In China

Jul 12, 2007 08:01 GMT  ·  By

The growing power of the Internet has changed the destiny of over 800 cats which were to be skinned and served up as Chinese delicacies. 30 animal lovers rushed to a parking lot in Shanghai after reading an Internet posting by animal rights activist Huo Puyang signaling two trucks carrying cats in wooden boxes.

Huo's daughter-in-law stumbled into the trucks while searching for their missing pets. One of the trucks sped right away. She called Huo and her animal-loving friends then posted an Internet alert last Friday. The cats were to be delivered to the flourishing southern province of Guangdong, where many residents pride themselves with being able to eat anything that flies, crawls or swims.

"It was a cruel sight ... Pregnant cats and kittens were packed into the boxes. Many cats had died and smelled. Some were trampled to death. Others bit each other," Huo told Reuters.

Local police was alerted and the driver and the truck were taken to a police station, but there was no evidence that the 42 boxes held stolen pets and the police told the animal lovers to buy the cats. The driver asked for 14 yuan ($ 1.8) each. After hours of debate, the animal lovers paid over 10,000 yuan ($ 1.300) for 840 cats.

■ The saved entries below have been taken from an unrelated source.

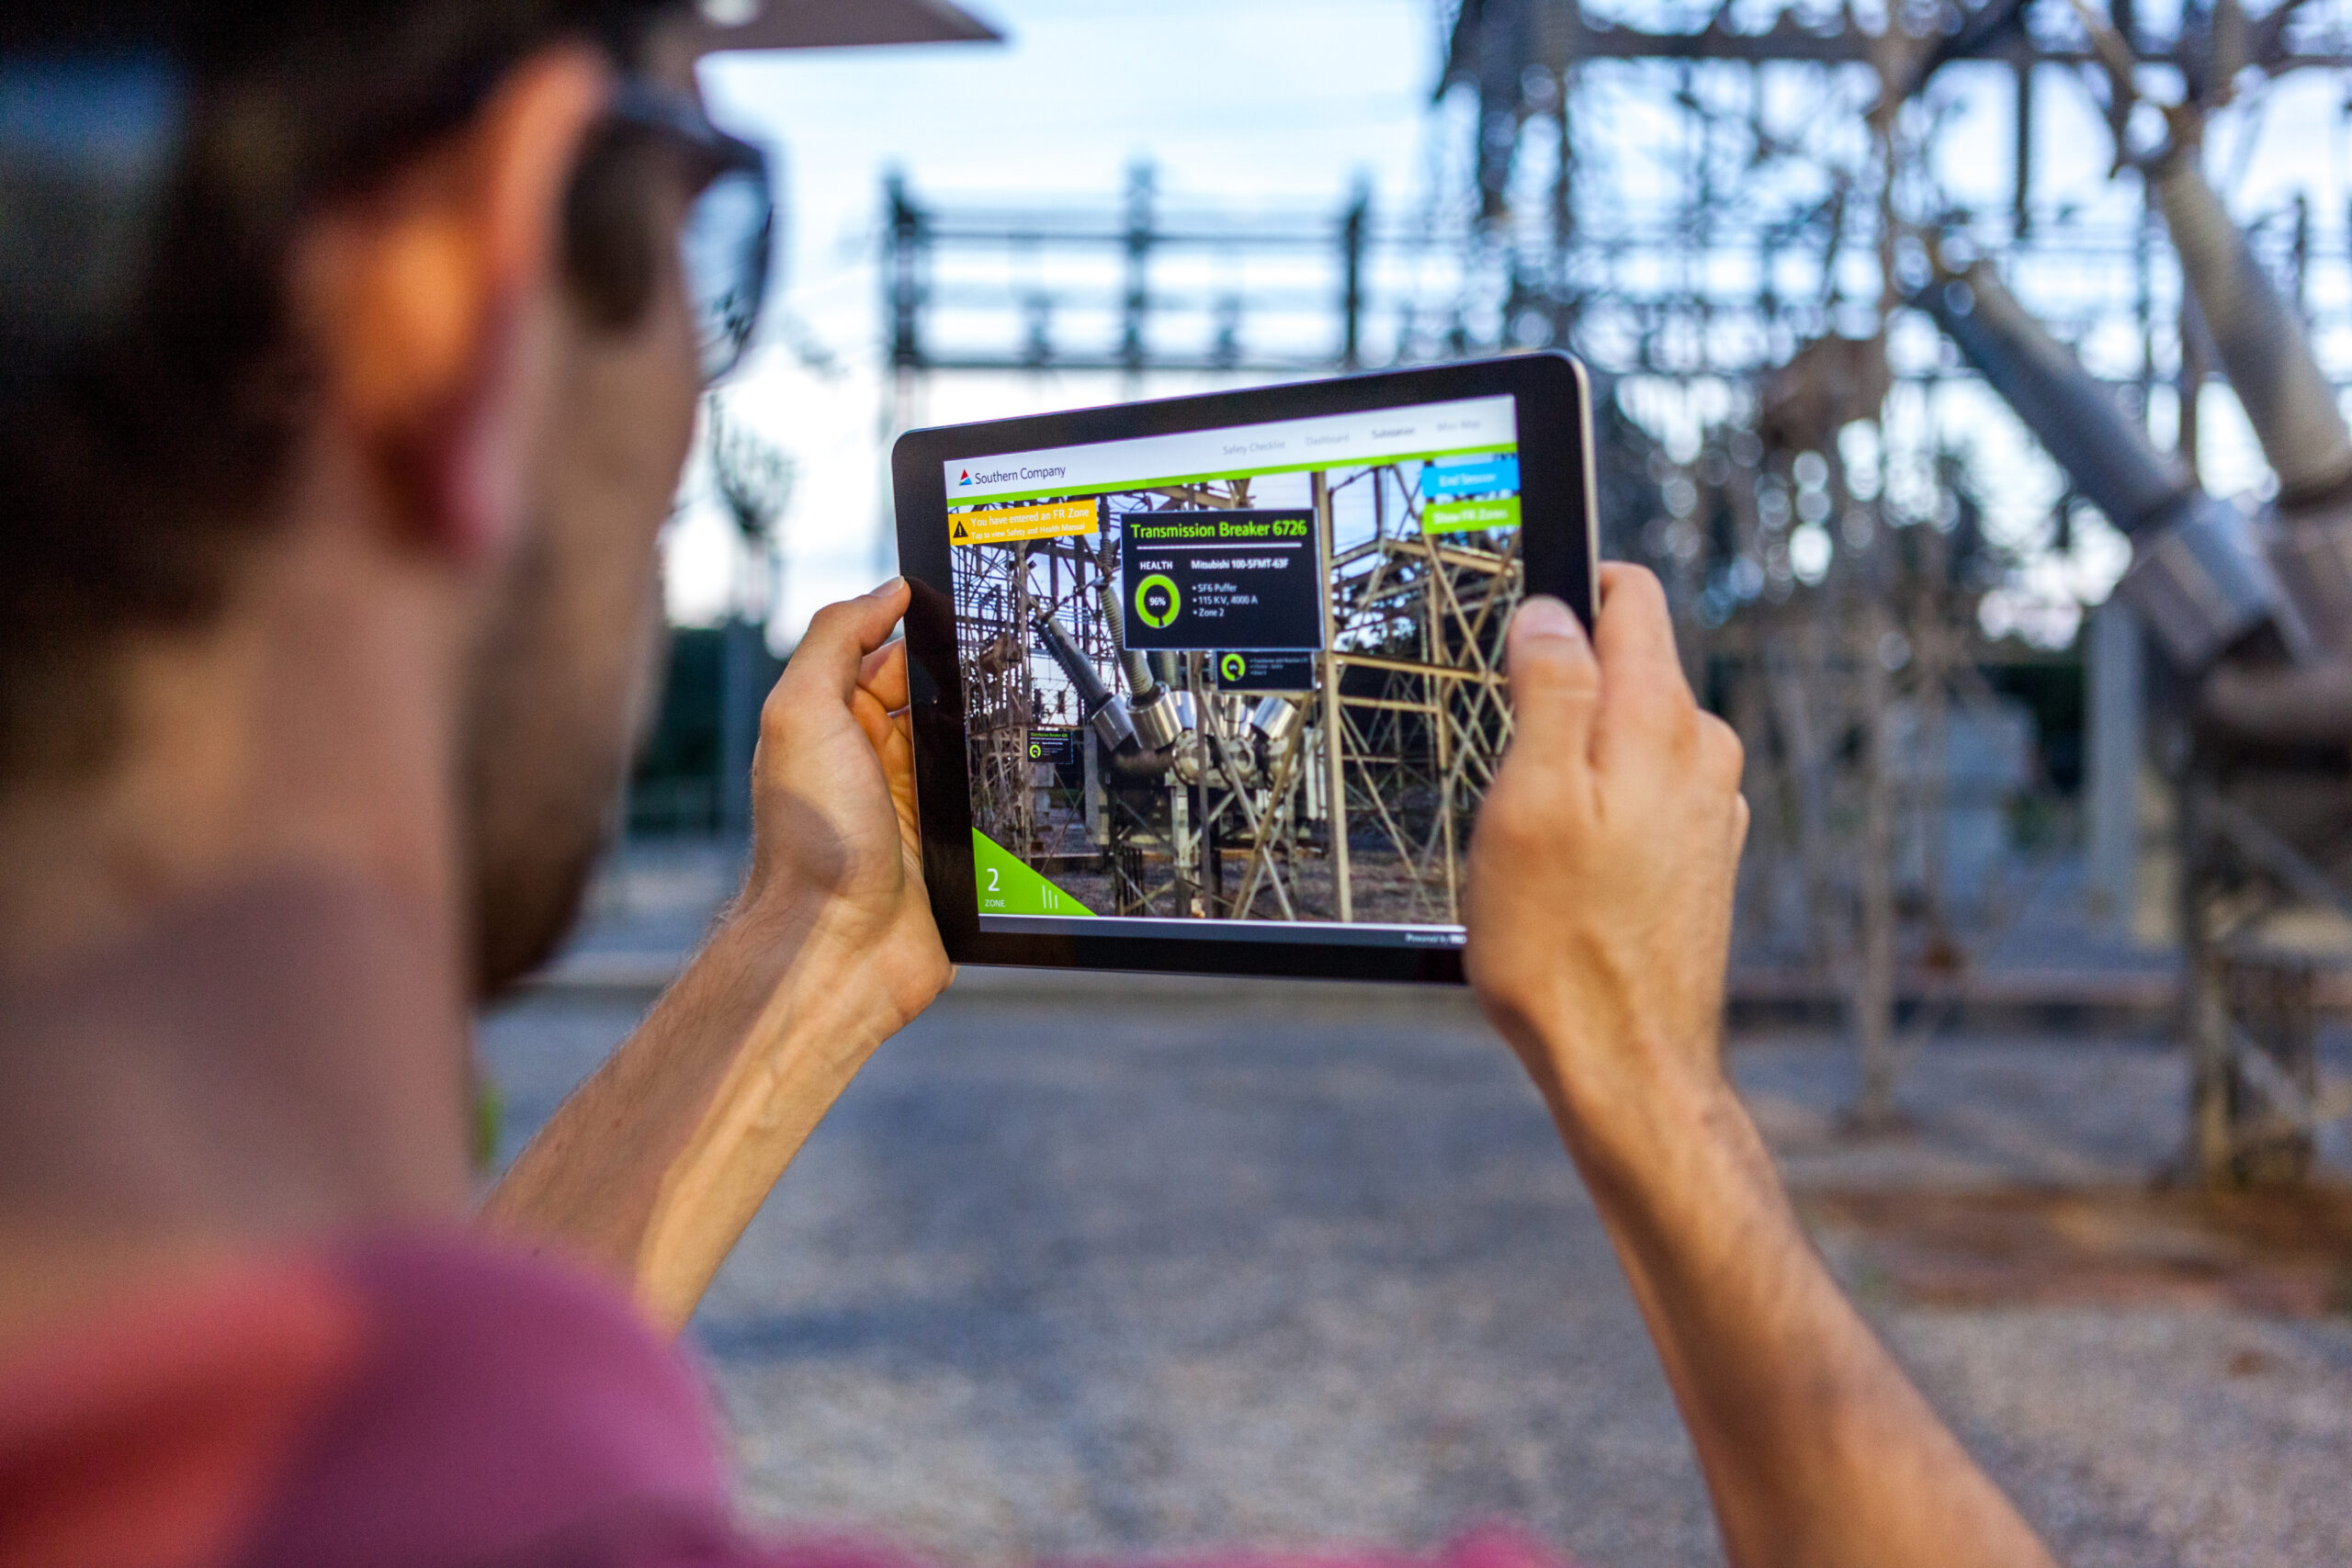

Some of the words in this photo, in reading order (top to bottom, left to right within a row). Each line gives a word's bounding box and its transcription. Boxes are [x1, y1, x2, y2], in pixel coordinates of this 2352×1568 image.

[1223, 445, 1247, 456] Safety
[1249, 440, 1286, 453] Checklist
[975, 470, 1018, 485] Southern
[1020, 466, 1066, 479] Company
[970, 517, 988, 527] You
[989, 515, 1008, 525] have
[1009, 512, 1039, 524] entered
[1040, 513, 1051, 521] an
[1053, 509, 1065, 519] FR
[1068, 507, 1090, 519] Zone
[971, 532, 983, 540] Tap
[984, 531, 990, 539] to
[991, 530, 1005, 538] view
[1006, 527, 1025, 538] Safety
[1027, 525, 1038, 535] and
[1040, 525, 1060, 534] Health
[1061, 522, 1086, 533] Manual
[1130, 523, 1216, 538] Transmission
[1218, 521, 1271, 537] Breaker
[1272, 519, 1307, 536] 6726
[1139, 561, 1173, 570] HEALTH
[1191, 558, 1230, 570] Mitsubishi
[1197, 583, 1214, 592] SF6
[1215, 582, 1238, 592] Puffer
[1149, 596, 1167, 606] 96%
[1198, 596, 1212, 604] 115
[1214, 596, 1229, 606] KV,
[1230, 595, 1250, 604] 4000
[1250, 596, 1258, 604] A
[1198, 608, 1218, 617] Zone
[1218, 607, 1225, 616] 2
[987, 868, 1001, 892] 2
[985, 899, 1005, 908] ZONE
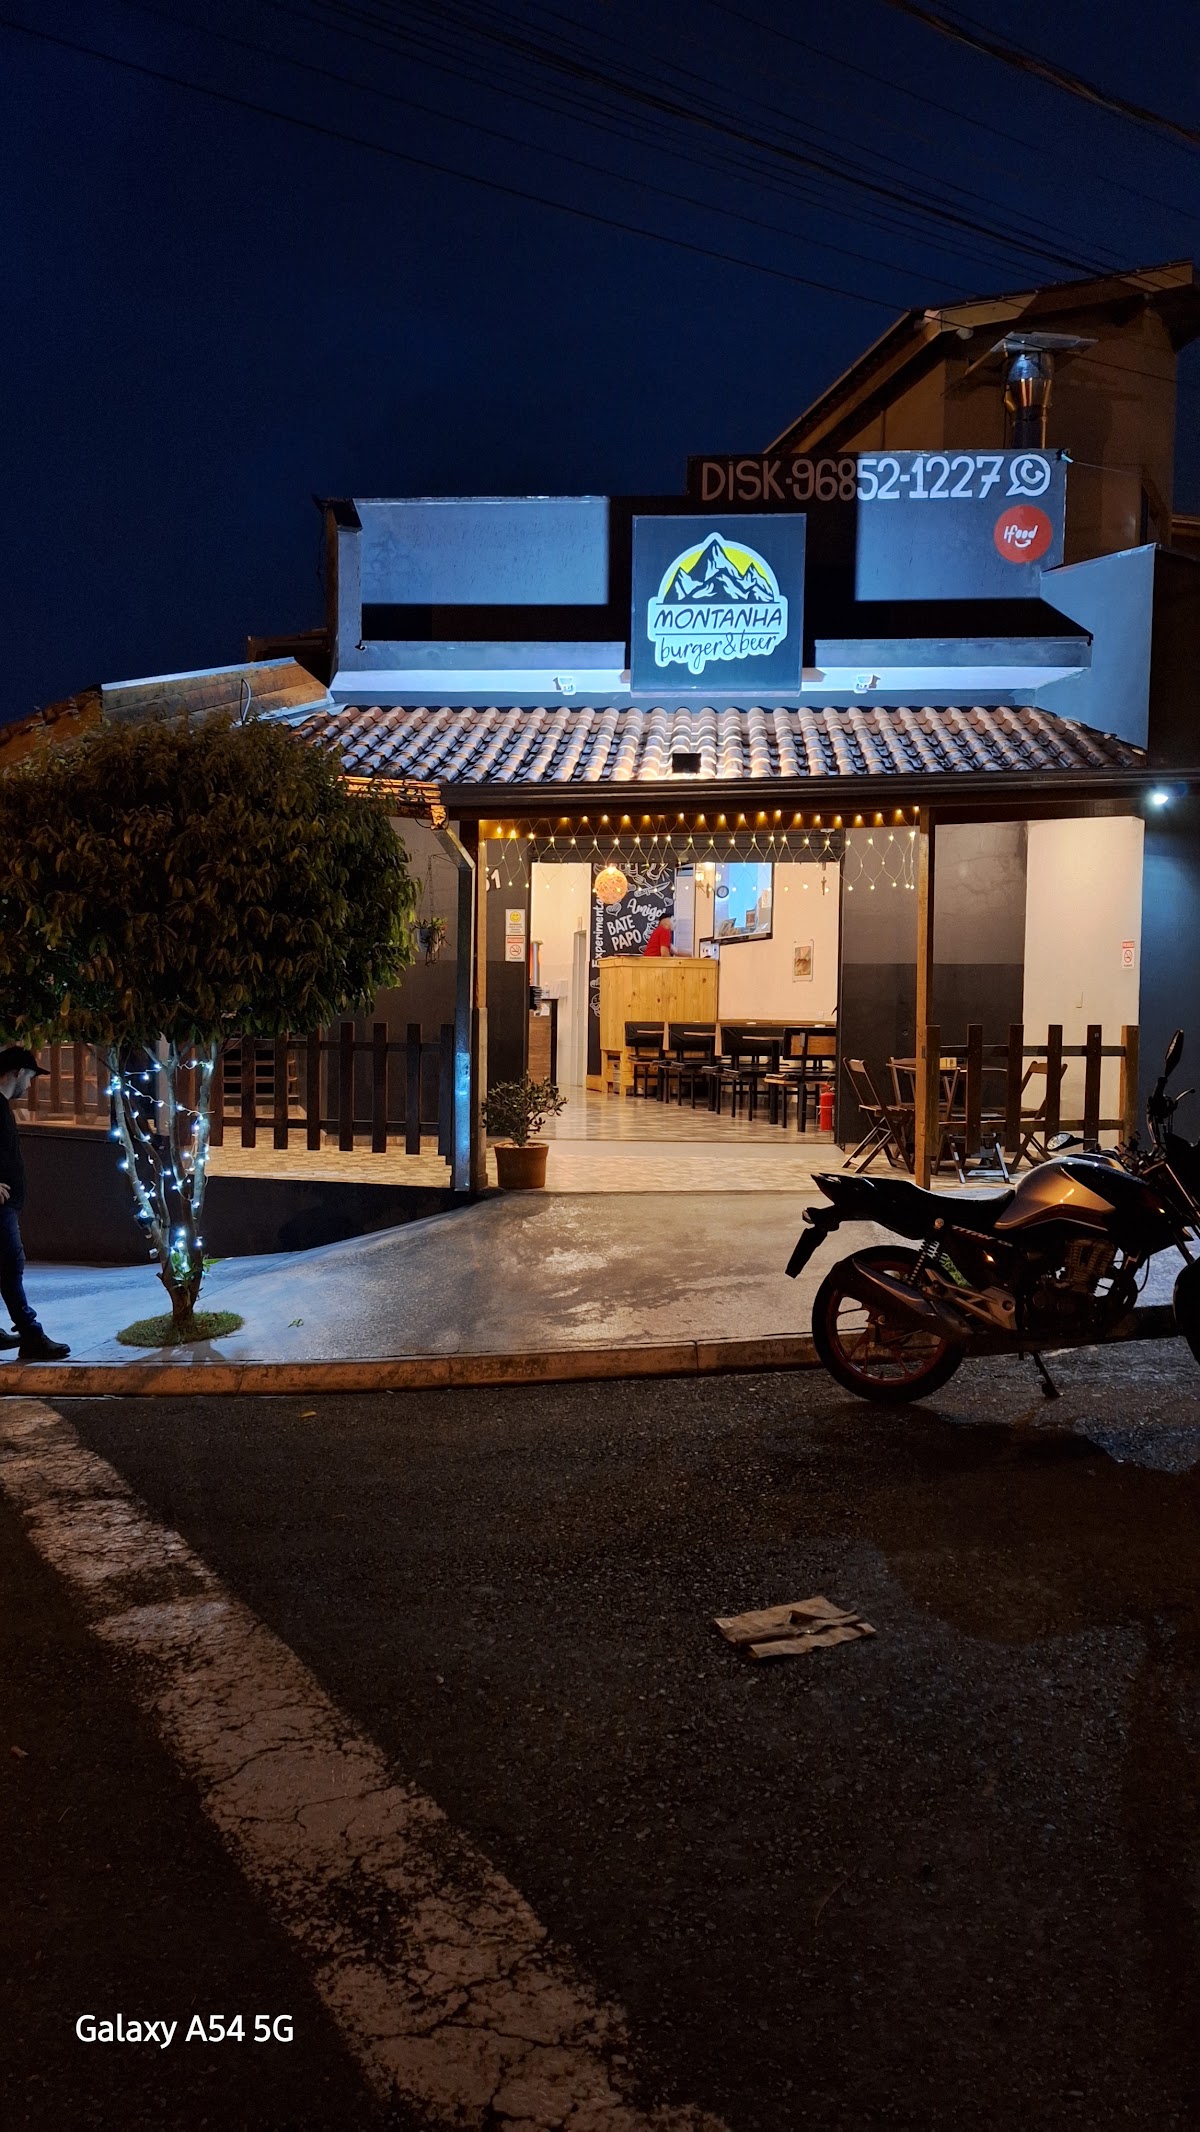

"We have a difficult task. The cost of feeding them pales compared to medical fees, vaccines and sterilization," Huo said.

She thought of donations and appealed to other animal lovers to adopt the cats, which were initially being cared for at her shelter.

This is another small victory of the Chinese citizens' efforts to use Internet and cell phone technologies to mobilize around often long-stifled grievances. A slavery story at brick kilns in the northern province of Shanxi was partly revealed as a result of an Internet campaign led by the fathers of missing children. The Maglev train project between Shanghai and nearby Hangzhou was reconsidered after petitions by thousands of residents.

The building of a chemical plant in the southeastern port city of Xiamen was stopped after thousands of protesters received cell phone text messages signaling the plant would be an environmental bomb, menacing the seaside environment. Internet censorship is commonly encountered in China, where the government uses an elaborate system of filters and tens of thousands of human monitors watching its 140 million Internet users' navigating behavior, clipping out forbidden content.